# What exactly does 2x20 for an interval mean?



## .steve (Jul 13, 2005)

For intervals, what does the 2x20 or 4x40 or whatever they suggest to use when you are wanting to do interval training? Are those numbers ratios, times of pushing a big gear vs. rest, what? I have no clue and feel stupid for asking but whatever. Thanks!


----------



## Andrea138 (Mar 10, 2008)

Usually the second number is the length of the interval & the first one is how many times you repeat it.


----------



## BassNBrew (Aug 4, 2008)

Two intervals, 20 minutes in duration each.

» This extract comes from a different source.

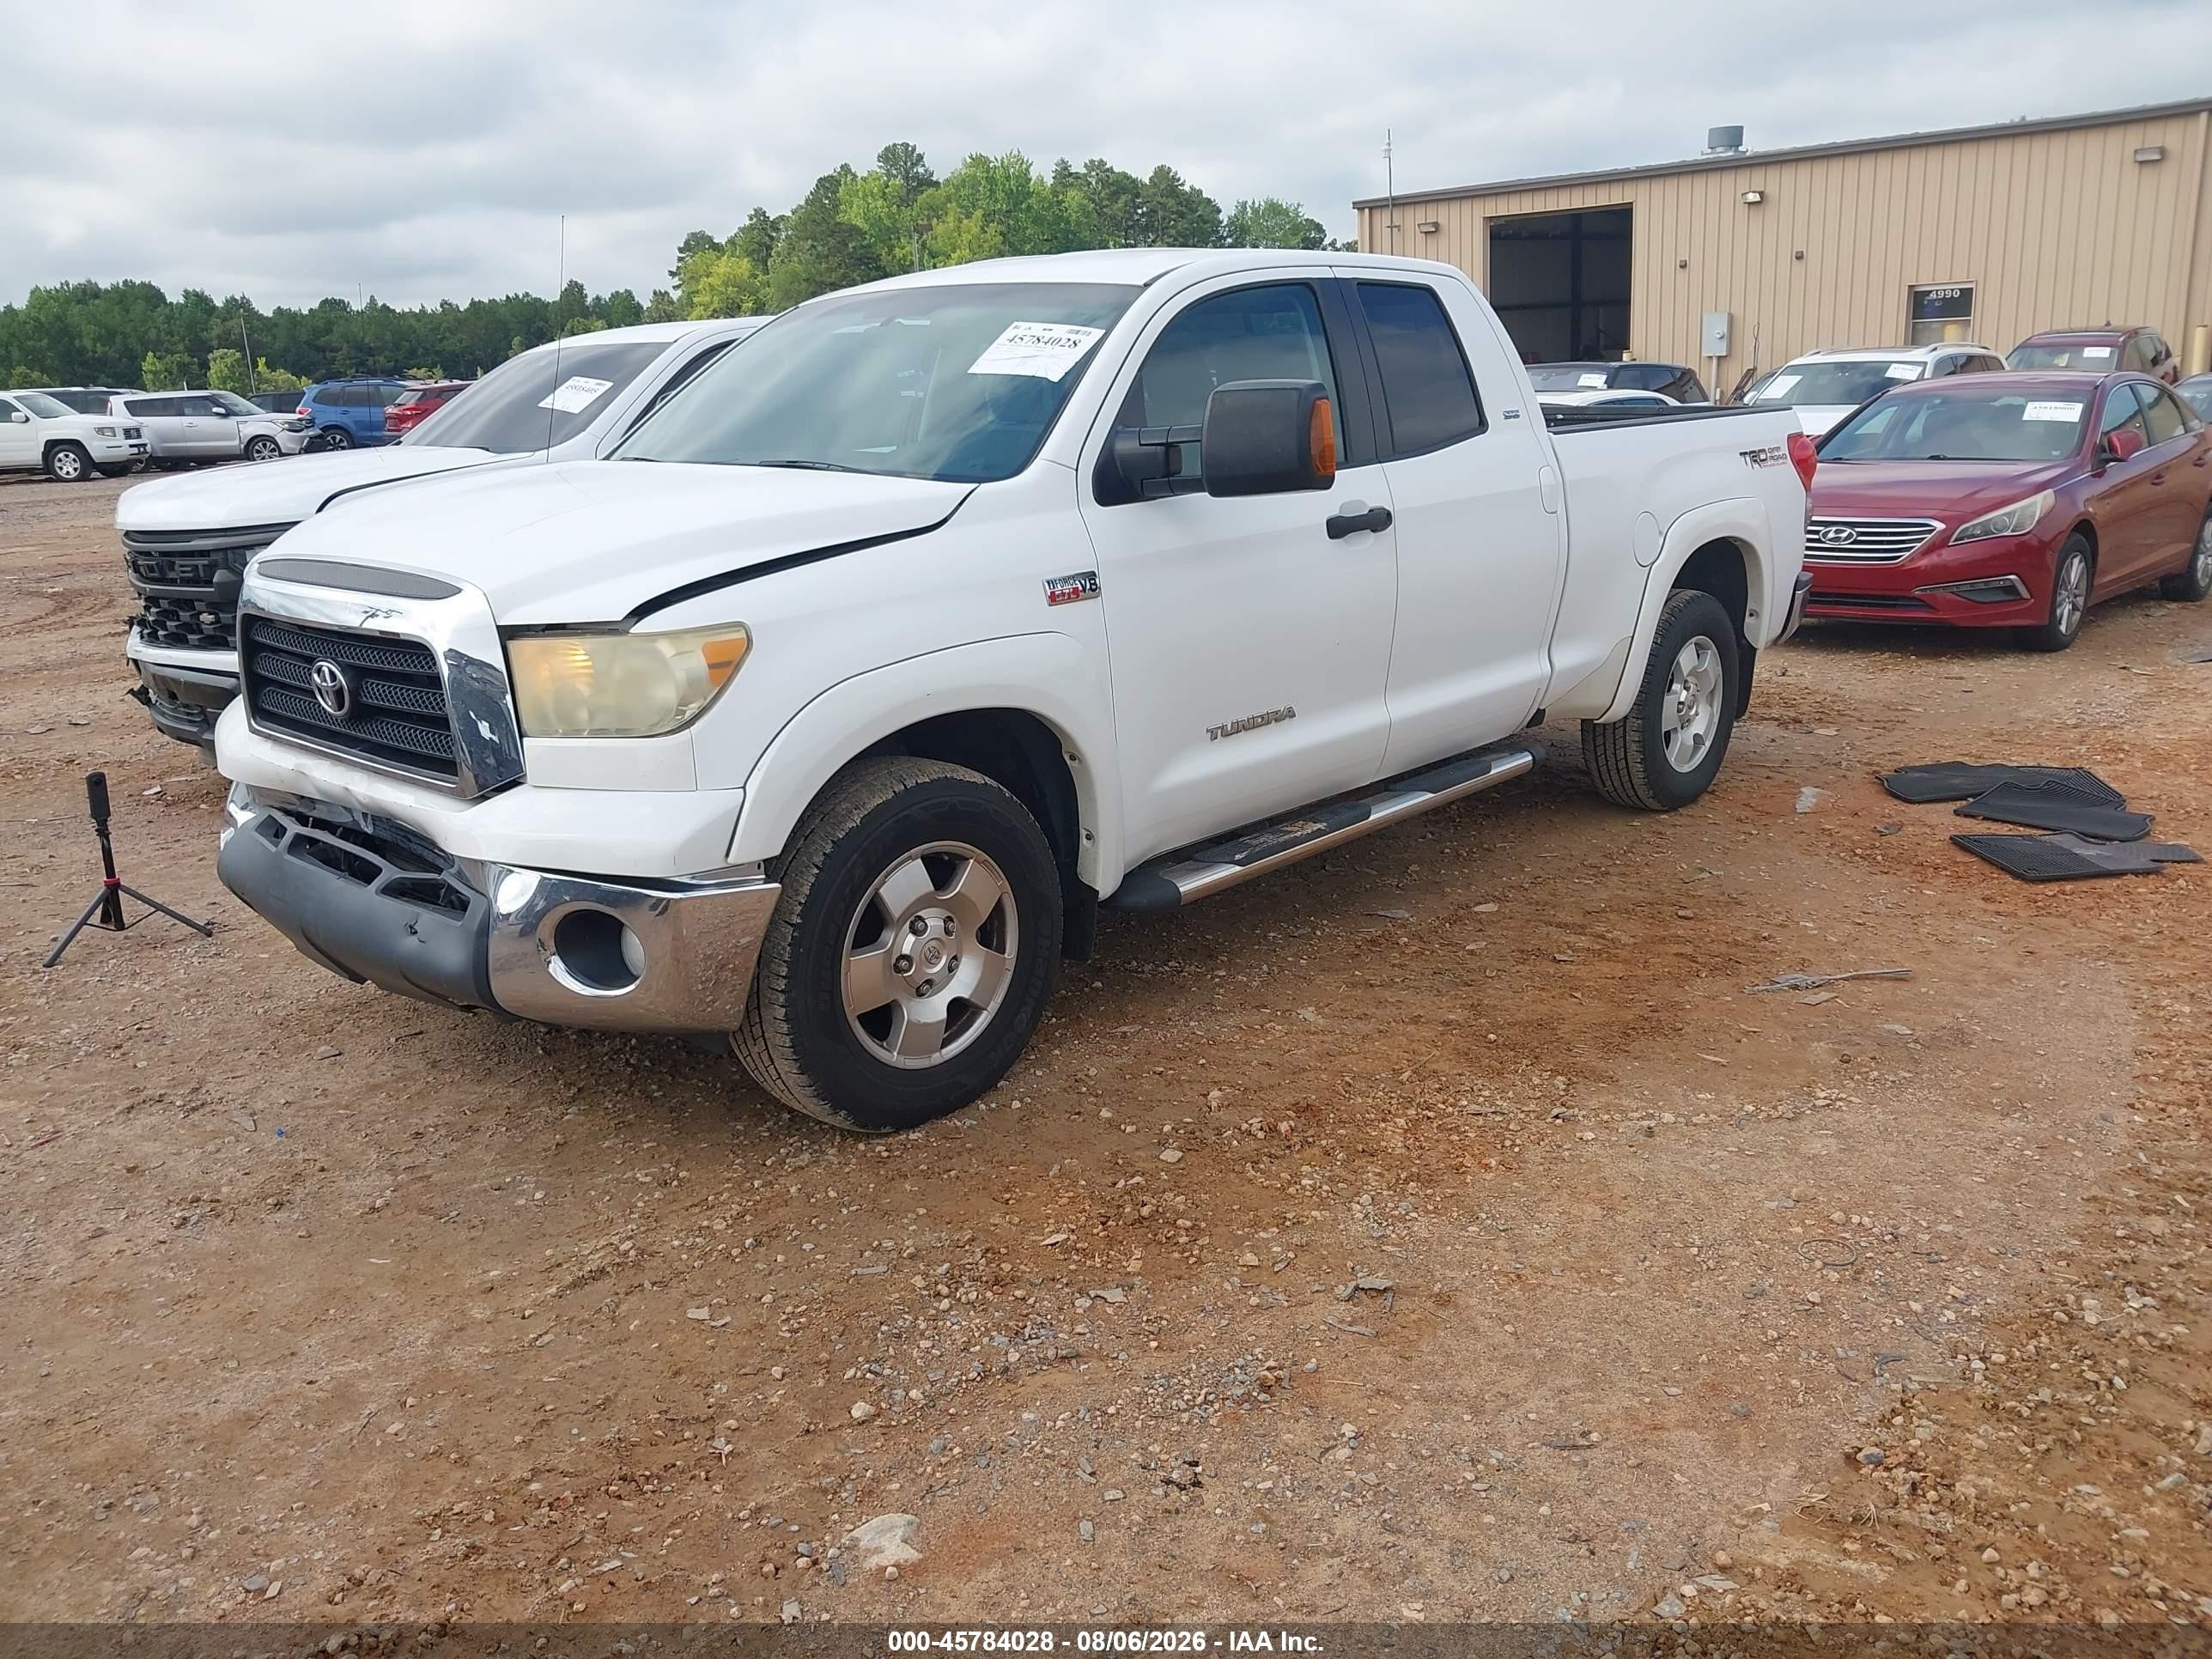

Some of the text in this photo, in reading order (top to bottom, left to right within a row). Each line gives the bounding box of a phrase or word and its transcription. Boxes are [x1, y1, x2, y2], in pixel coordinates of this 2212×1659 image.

Anyone doing 4x40s is da man.


----------



## wim (Feb 28, 2005)

Usually, 2 x 20 would mean 2 work intervals of 20 minutes each. Your training program or coach would tell you the time of the rest interval(s) between the 20-minute work intervals, the effort at which you should be riding the work intervals and the rest interval(s) and, sometimes, an exact gear size for the work intervals. There are many variations on this, sometimes involving sets of intervals. Sets are packages of intervals in between which you are given more time to rest completely—like 2 sets of 5 x 4, for example. Contrary to what you sometimes hear, intervals aren't random periods of time during which you just go "as fast as you can." They're much more structured than that.

4 x 40 doesn't sound realistic.


----------



## function (Jun 20, 2008)

Regarding intensity, don't start too hard otherwise your power will drop off too much around the 10minute mark. Try and keep the intensity the same throughout.


----------



## Creakyknees (Sep 21, 2003)

Most of the time people that talk about 2x20's are referring to threshold pace. I.e. the fastest steady pace you can sustain for at least 20 minutes. 

Like a time trial. In reality your actual pace will be a bit lower, because it's not an all-out effort where you sprint at the end. And, you have to leave fuel in the tank for the next 20.

Usually the rest period is 5 or 10 minutes. The idea being spin around slow n easy till your legs, heart and lungs are completely back to baseline so you can make the second as strong or stronger than the first. But make no mistake. Properly done 2x20's hurt. 

Pace can be measure in a number of ways. Perceived exertion - i.e. feeling your legs - is a reliable way (with experience). Heart rate _Can_ be useful, if you know what you're doing. Same with power meter, or just a stopwatch, a loop, and your gears.


----------



## shawndoggy (Feb 3, 2004)

Creakyknees said:


> Most of the time people that talk about 2x20's are referring to threshold pace. I.e. the fastest steady pace you can sustain for at least 20 minutes.


You don't need to do them quite that hard this time of year. I'd shoot for more like 95% of your *one hour pace*. 

4x40... yeah, that'd be badass. I've done 1x90 several times and 4x25 once.


----------



## gatorling (Jun 25, 2008)

2x20 usually refers to 2 sets of 20 minute intervals done at 90%-100% of your best 1 hour pace, also known as FTP (Functional Threshold Power).
(If you're doing them at your best 20 minute pace then this falls inbetween threshold and VO2Max. Lots of people I know like concentrating on raising their threshold power since it's believed that it's much more trainable than VO2Max).

You could do 60 minutes at FTP but that would suck, and if it doesn't suck then you're not doing it at FTP. FTP is defined by your very best effort for a 1 hour time trial, if you can go longer than 1 hour at your FTP then your FTP is wrong 

That's why people do 2x20 (because an hour at FTP sucks soooo very bad), it's mentally less taxing and much more sustainable.

If you're new to threshold intervals even 2x20 might be too much. I'd suggest starting at 2x10 then moving to 3x10 and eventually to 2x20.


----------



## .steve (Jul 13, 2005)

Wow, thanks for the responses! And yeah, the 4x40 was just a combo of numbers that I thought of as I posted the message. I am new to the interval thing but have been logging data with my 305 all year so I THINK I know my FTP at this point. I tried my first 2x20 with a 10 minute warm-up before and recovery in between yesterday on my trainer and I was pleasantly surprised at the workout but the best part was the fact that it made the hour on my trainer go by MUCH faster. Thanks for all the info!


----------